Twice a week we have extended check ins, where we deep dive on a particular issue or theme we’re trying to tackling as a way to come up for air and take a step back from the emergency we’re in to make sense of it all, what connections we’re seeing and what we can do to join it up or to help accelerate or scale the work others are doing.
We’ve moved to work across services and organisations in collaborative ways. Sometimes people’s enthusiasm and sense of urgency to help means that there’s duplication in the work we do and we could be making better use of people’s skills.
We prioritise our work based on values and need to share with people the principles that underpin our work
Harvard Business Review shares three tips on this
- Check bias at the door
- Assume positive intent
- Be consistent and accountable
4. Distinguish work and home to create a sense of work-life balance
I’ve found during this situation that I’ve had this surreal sense of working from my living room protected from the impacts of the Covid 19 with being able to do online deliveries and have a garden to chill out in, while responding to the impacts the virus is having directly on people, whether they’re in very vulnerable situations and have urgent need for food or suppliers or they’re supporting people who do. For all of us, we need to realise that “what you are doing is not remote work, it is coping in a global emergency”.

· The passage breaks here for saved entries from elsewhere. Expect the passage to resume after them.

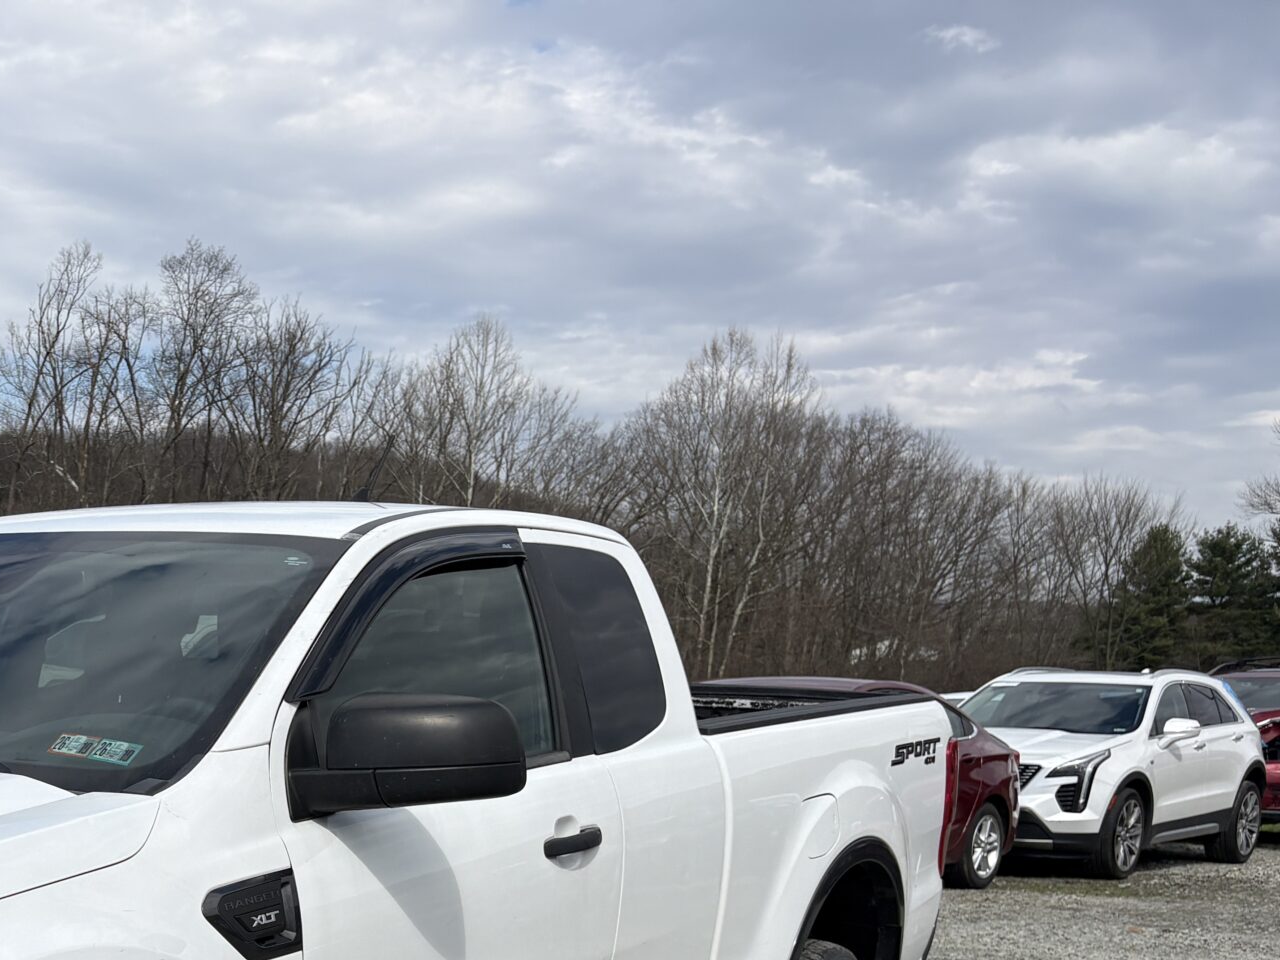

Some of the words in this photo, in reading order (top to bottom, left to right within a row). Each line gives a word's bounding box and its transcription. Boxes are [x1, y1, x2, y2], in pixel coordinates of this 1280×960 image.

[53, 736, 71, 750] 26
[94, 741, 112, 756] 26
[891, 737, 940, 767] SPORT
[250, 909, 280, 928] XLT
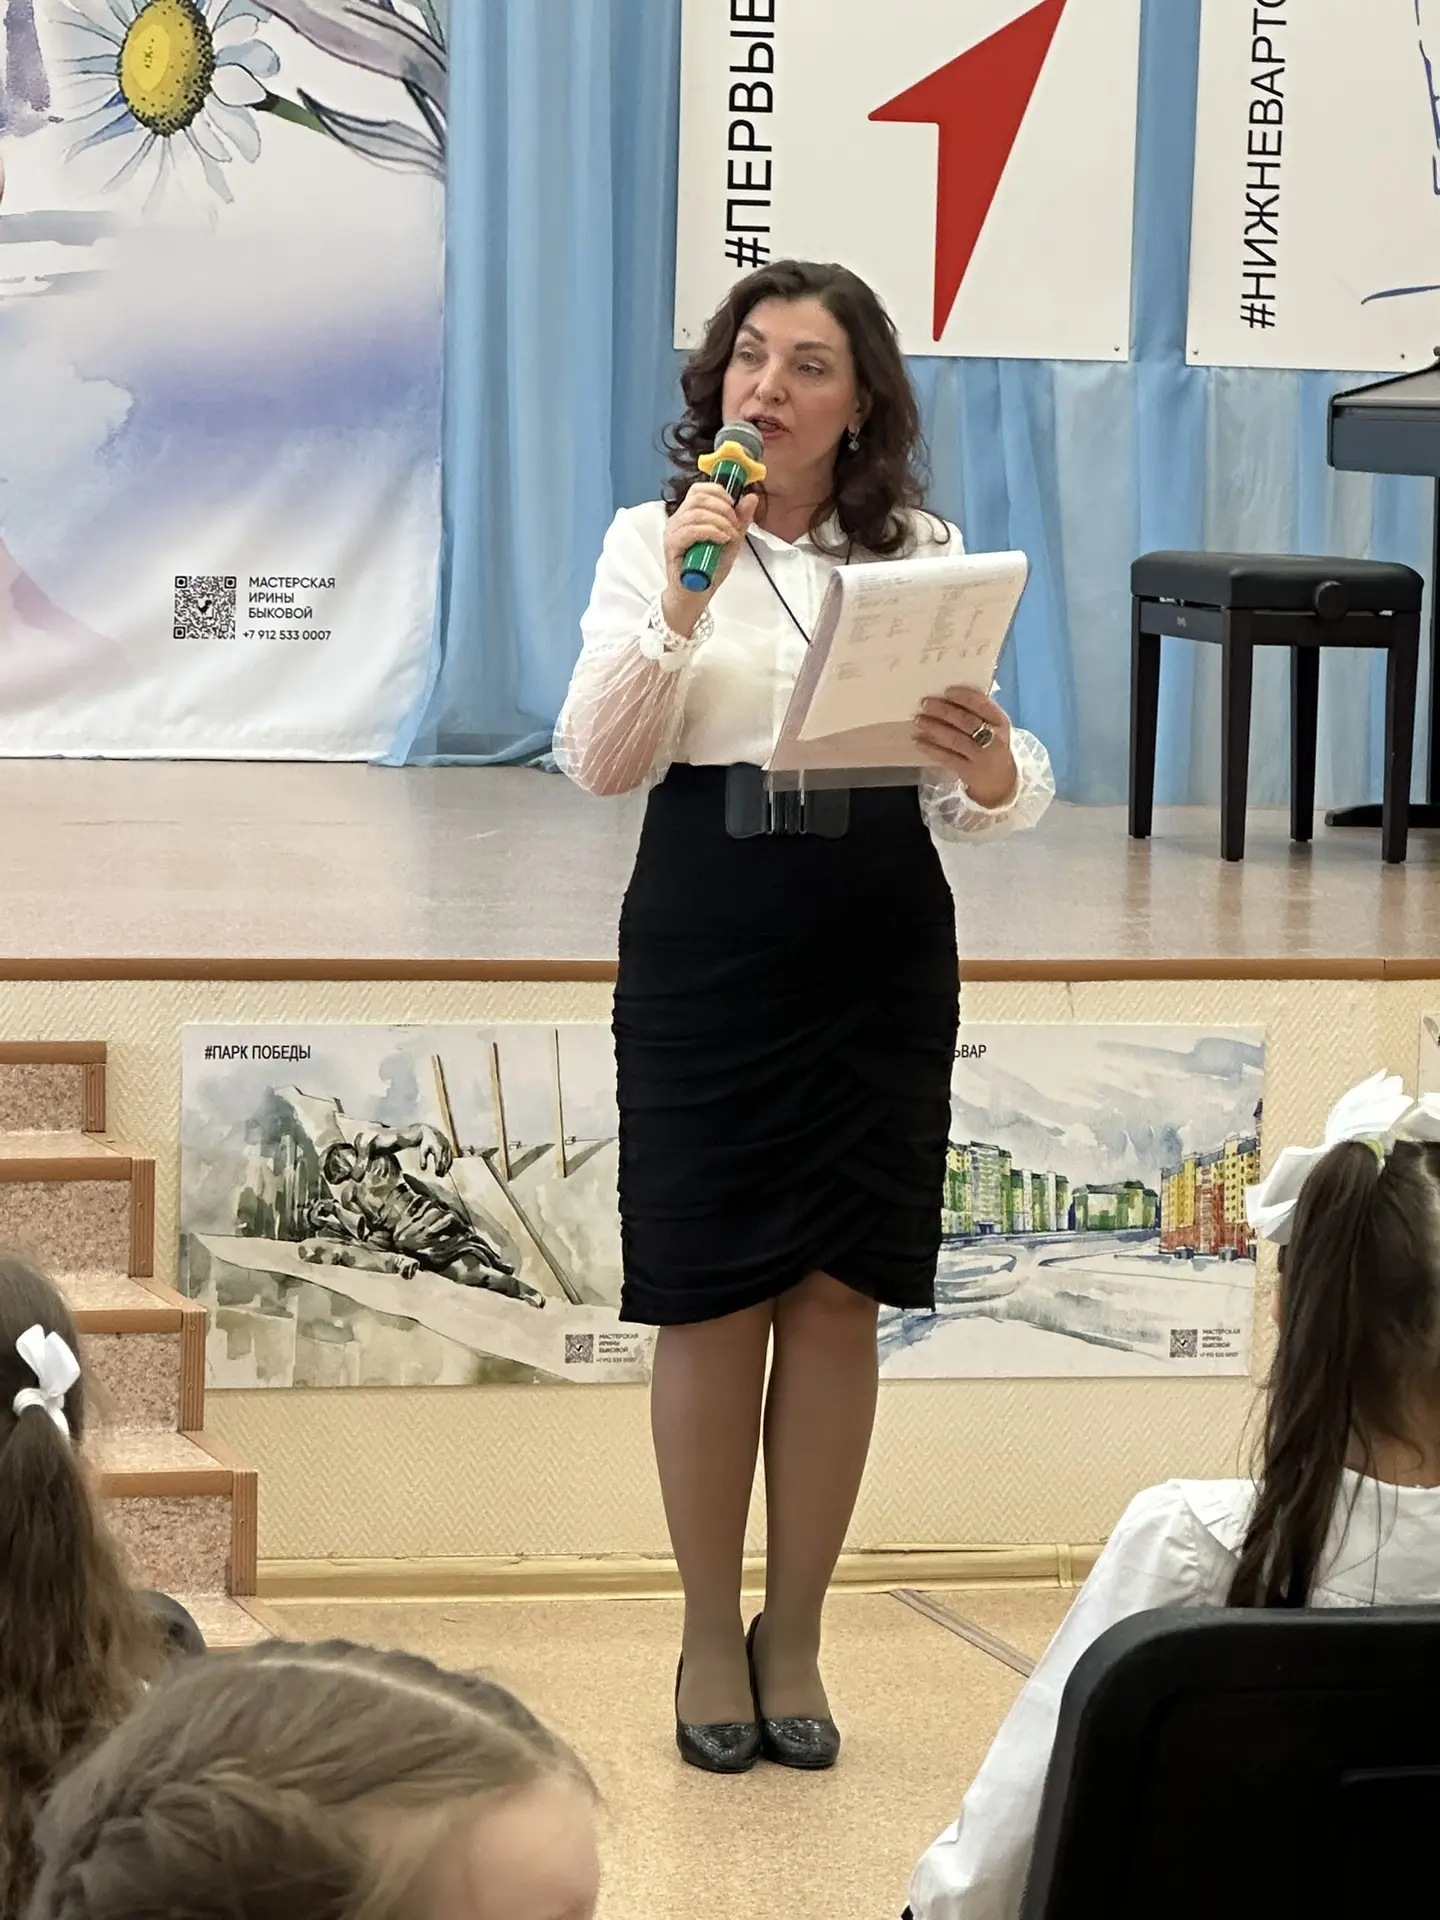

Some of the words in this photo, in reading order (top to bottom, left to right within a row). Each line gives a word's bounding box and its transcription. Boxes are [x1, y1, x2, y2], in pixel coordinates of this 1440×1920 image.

[725, 0, 775, 268] #ПЕРВЫЕ
[1240, 0, 1287, 328] #НИЖНЕВАРТ
[249, 576, 336, 589] МАСТЕРСКАЯ
[249, 592, 295, 604] ИРИНЫ
[248, 606, 313, 619] БЫКОВОЙ
[243, 630, 255, 640] +7
[258, 630, 277, 640] 912
[279, 630, 300, 641] 533
[302, 630, 331, 641] 0007
[204, 1045, 248, 1060] #ПАРК
[252, 1045, 311, 1062] ПОБЕДЫ

Commuting creates a separation between home and work, so if we don’t commute anymore, how do we make sure work and our personal life doesn’t just blend into one? How do we get a break from being on our screens not stop? I do a daily walk to get fresh air, exercise and time with my partner? How do we create “breaks” in between our meetings? I walk around my garden and even have “walking 121s” which I used to have before the crisis, albeit walking with the person I was having a 121 with. How do you this?
Matthew Knight who runs Leapers for freelancers, recommends different ways to use exercise to break up the day
5. Take time to reflect while still responding to the crisis
In an emergency situation, we are very quick to respond and while it can be very stressful, being mobilised around a single priority is easier than the slow burn of how we recover post-emergency.

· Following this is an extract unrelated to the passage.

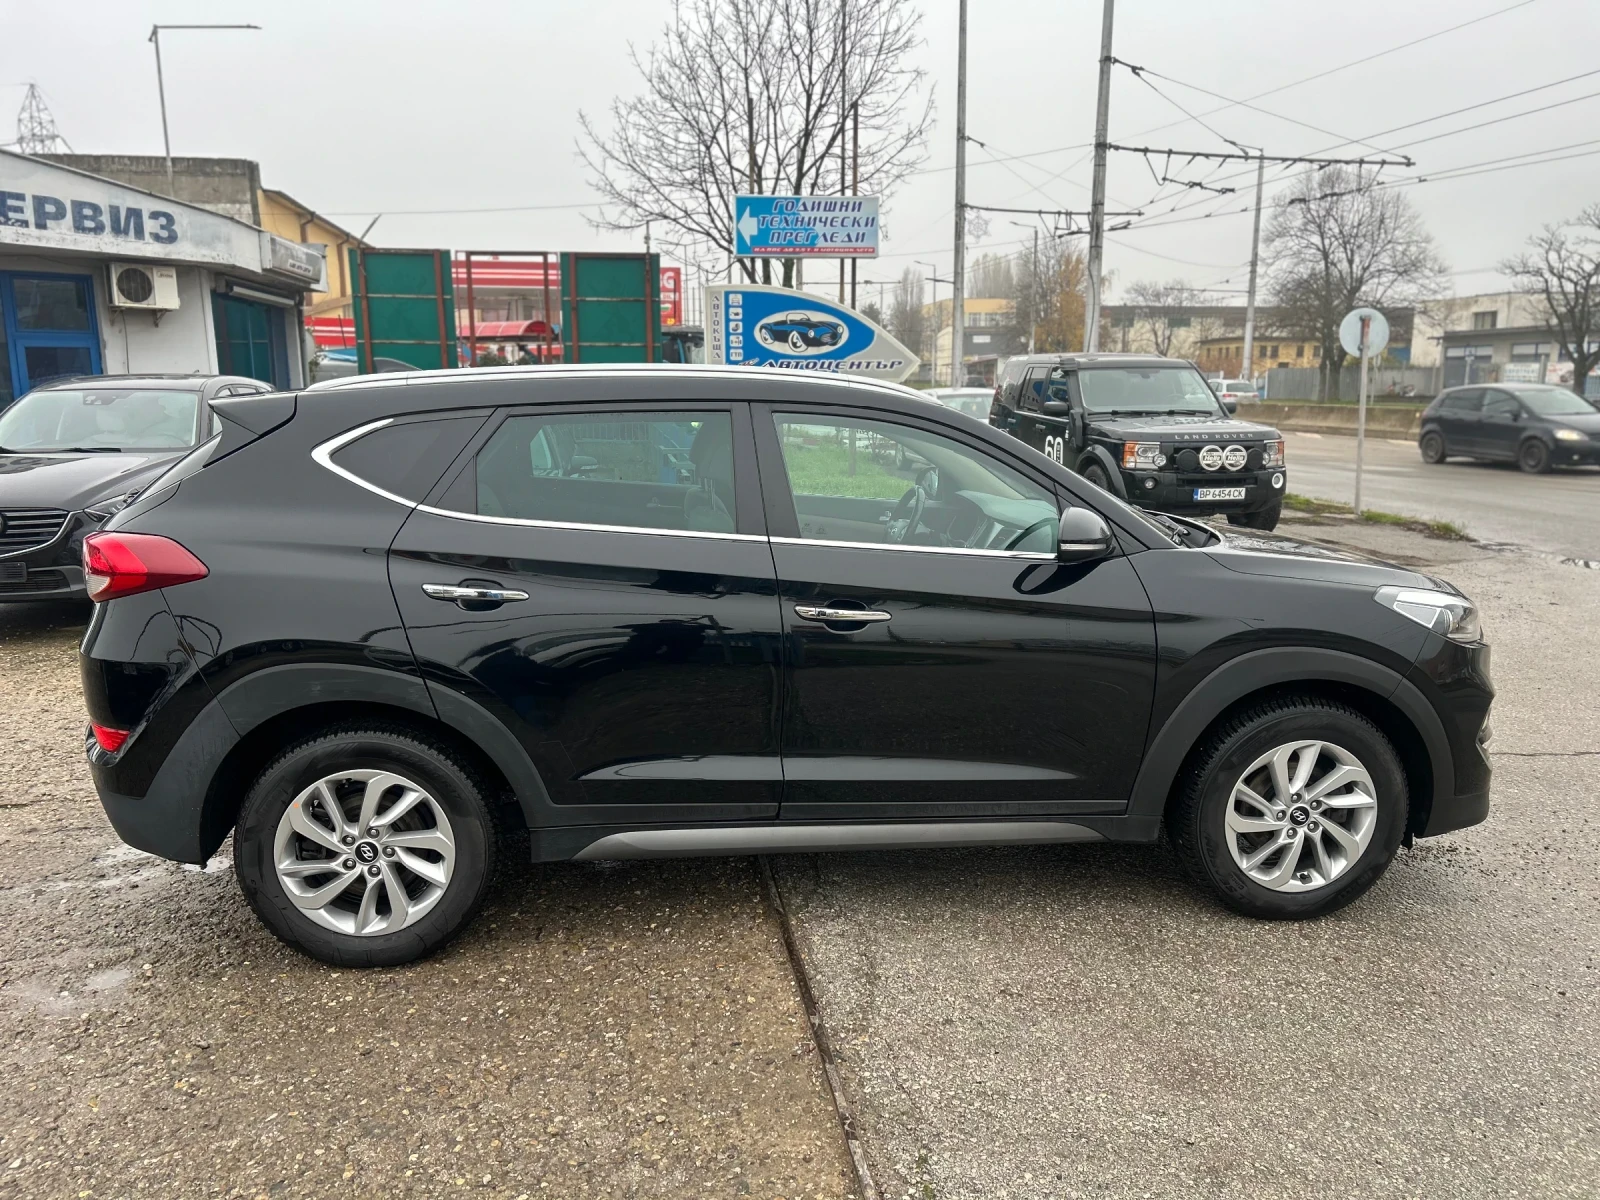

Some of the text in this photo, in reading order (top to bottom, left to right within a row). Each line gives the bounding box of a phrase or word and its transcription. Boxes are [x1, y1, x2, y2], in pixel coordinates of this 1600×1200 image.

How can you make time to reflect so you can anticipate new emergencies and what’s needed to recover, but also time on how to create space for others to be able to make sense of what lessons they’ve learnt and what to do next?
Cat Drew reflects that “The way I make sense of the world is often through the act of drawing or writing”.
How can you make time so everyone feels they can contribute, not just those best placed to work in an emergency, recognising that this is affecting people in different ways.
We’re creating a multidisciplinary approach to both how we make sense of what’s happening now and how we can use learning to shape the future. To kick this off, we’ve created weekly check ins at the start of the week specifically on our renewal work and at the end of the week on lessons learned. We’ve also created bi weekly extended team meetings to deep dive on a particular area and we’re crowdsourcing needs.
We’re also going to be kicking off scenario workshops with people to help them imagine what the different futures could be? We’ve started this off by exploring with people what are the critical uncertainties we might face and analysing trends across different policy areas.
Other people or organisations who are exploring ways to tackle these tensions are @lankellychase and One Team Gov who’ve got an excellent way of having weekly discussions and prioritising what themes they work on, in particular top tips for looking after our teams particularly those who are on their own / isolated and the all important question of how we can hold onto collaboration in a post-emergency situation?